## Exercise objective
Every record that follows must be duplicated exactly, with images left out.

Images for object localization:

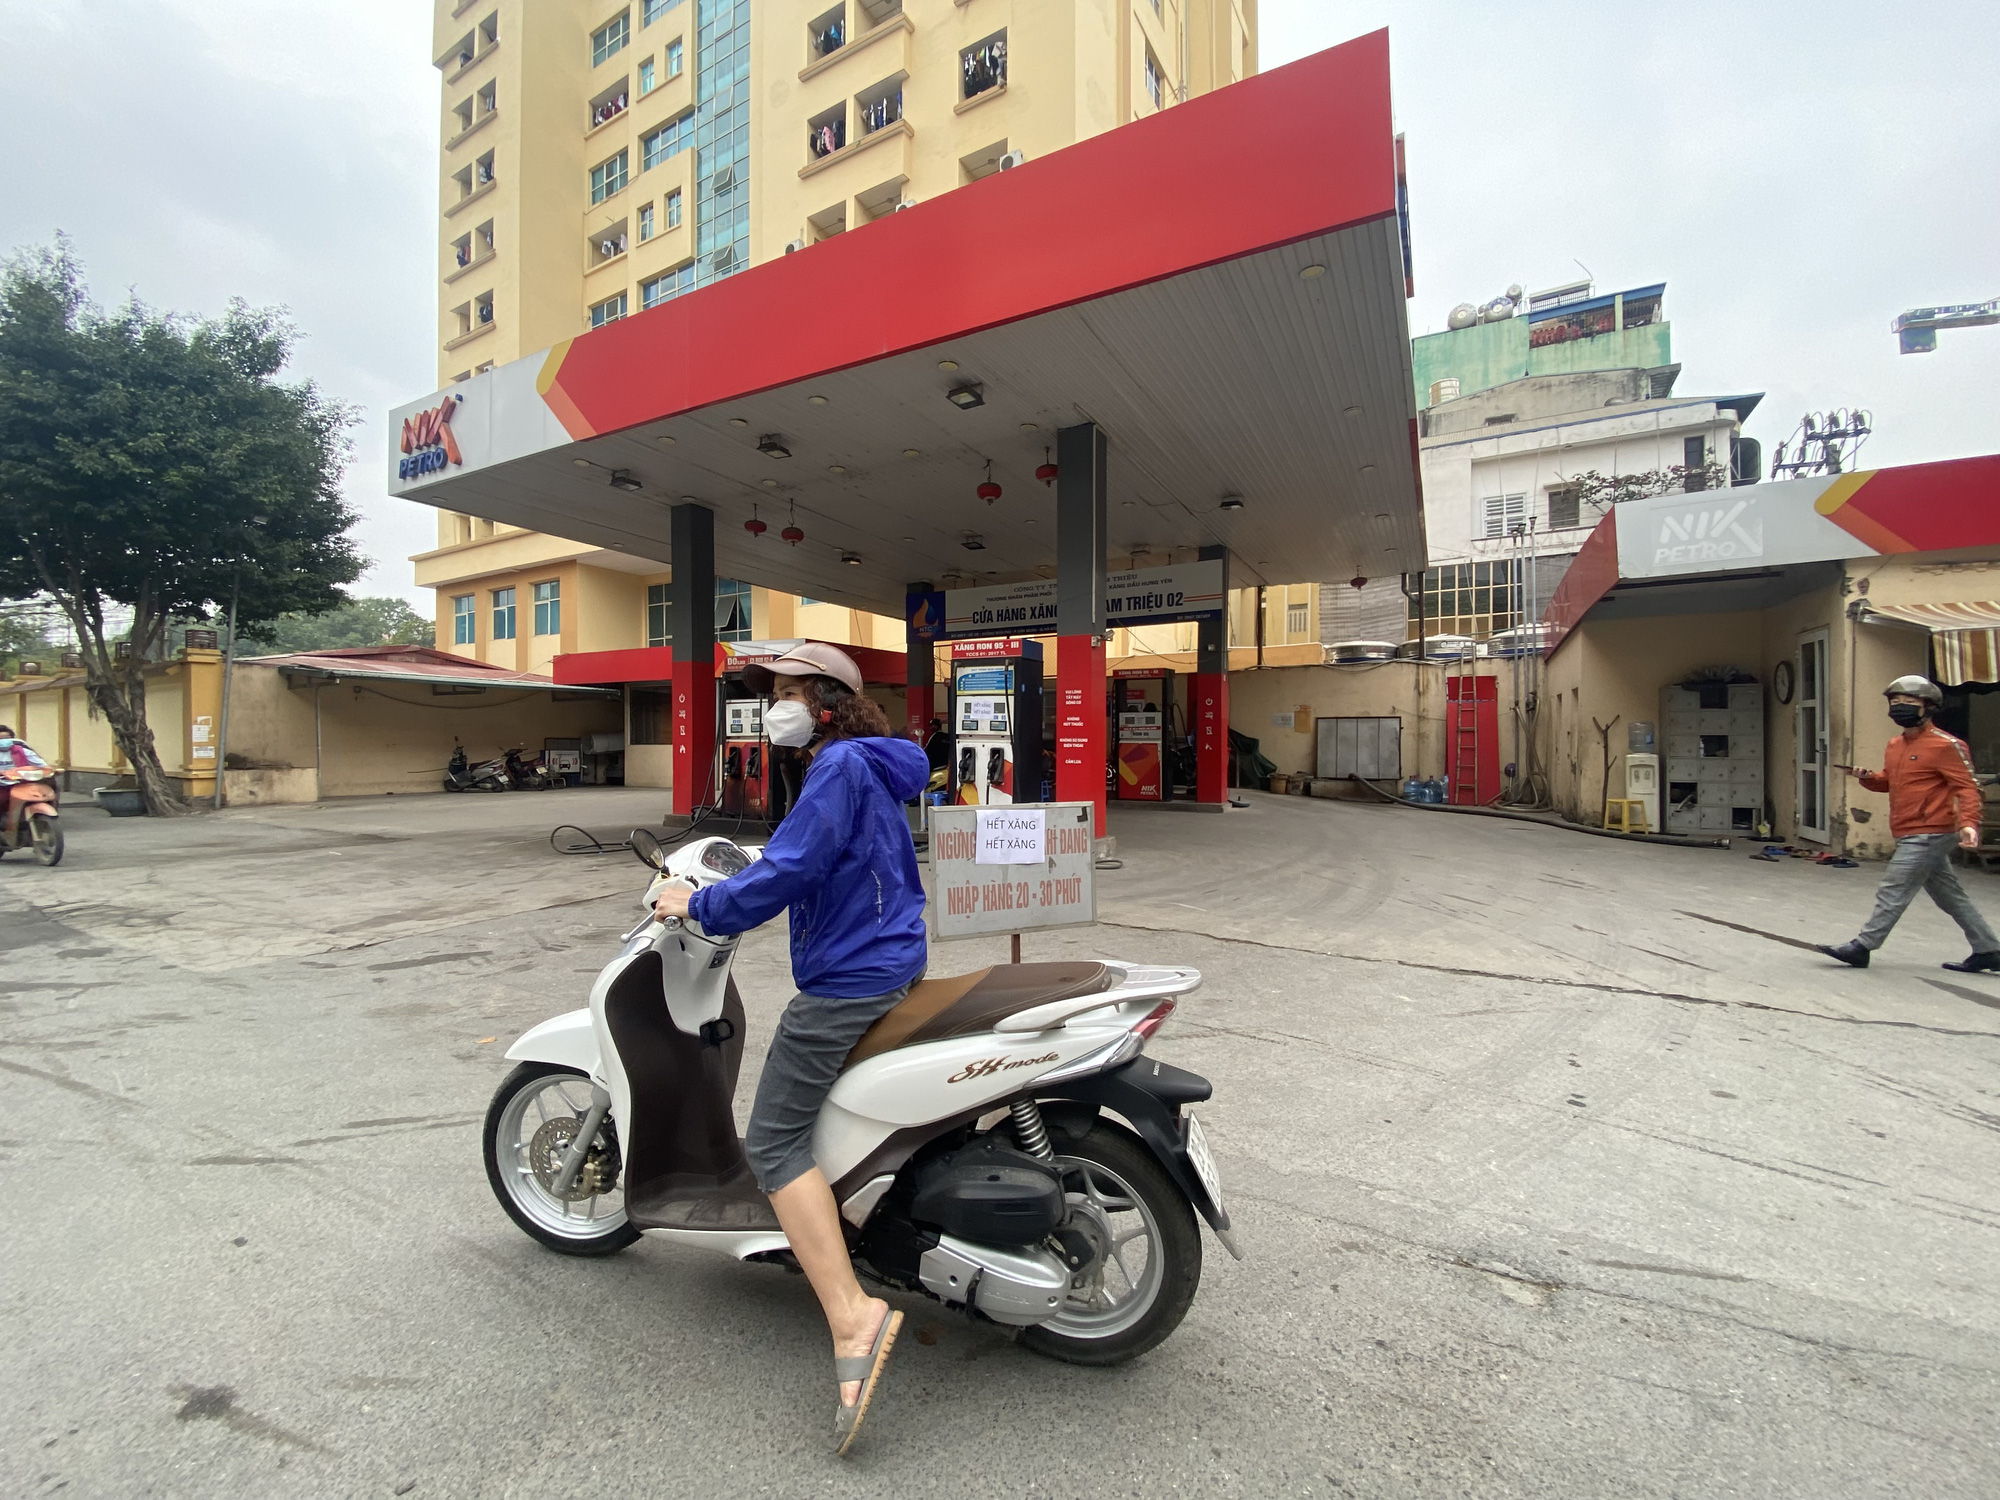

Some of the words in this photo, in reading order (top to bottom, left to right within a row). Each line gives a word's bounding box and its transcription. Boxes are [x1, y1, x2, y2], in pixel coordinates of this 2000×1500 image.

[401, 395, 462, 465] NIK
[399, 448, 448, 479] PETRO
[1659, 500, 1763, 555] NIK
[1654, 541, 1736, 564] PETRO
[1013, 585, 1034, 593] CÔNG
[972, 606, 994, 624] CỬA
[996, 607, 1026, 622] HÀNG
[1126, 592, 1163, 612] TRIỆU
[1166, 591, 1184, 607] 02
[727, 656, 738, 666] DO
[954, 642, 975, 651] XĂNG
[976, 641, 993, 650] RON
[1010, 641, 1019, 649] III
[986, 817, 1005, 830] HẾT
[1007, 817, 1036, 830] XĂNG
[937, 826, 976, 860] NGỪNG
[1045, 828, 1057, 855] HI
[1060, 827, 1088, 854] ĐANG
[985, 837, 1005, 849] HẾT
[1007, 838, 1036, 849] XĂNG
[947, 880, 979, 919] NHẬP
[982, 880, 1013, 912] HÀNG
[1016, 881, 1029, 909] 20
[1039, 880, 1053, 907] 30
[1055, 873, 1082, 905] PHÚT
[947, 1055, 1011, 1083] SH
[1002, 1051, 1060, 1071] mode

## Written response
Some of the words in this photo, in reading order (top to bottom, left to right within a row). Each line gives a word's bounding box and its transcription. Boxes are [x1, y1, x2, y2], in pixel coordinates of this 2000×1500 image.

[401, 395, 462, 465] NIK
[399, 448, 448, 479] PETRO
[1659, 500, 1763, 555] NIK
[1654, 541, 1736, 564] PETRO
[1013, 585, 1034, 593] CÔNG
[972, 606, 994, 624] CỬA
[996, 607, 1026, 622] HÀNG
[1126, 592, 1163, 612] TRIỆU
[1166, 591, 1184, 607] 02
[727, 656, 738, 666] DO
[954, 642, 975, 651] XĂNG
[976, 641, 993, 650] RON
[1010, 641, 1019, 649] III
[986, 817, 1005, 830] HẾT
[1007, 817, 1036, 830] XĂNG
[937, 826, 976, 860] NGỪNG
[1045, 828, 1057, 855] HI
[1060, 827, 1088, 854] ĐANG
[985, 837, 1005, 849] HẾT
[1007, 838, 1036, 849] XĂNG
[947, 880, 979, 919] NHẬP
[982, 880, 1013, 912] HÀNG
[1016, 881, 1029, 909] 20
[1039, 880, 1053, 907] 30
[1055, 873, 1082, 905] PHÚT
[947, 1055, 1011, 1083] SH
[1002, 1051, 1060, 1071] mode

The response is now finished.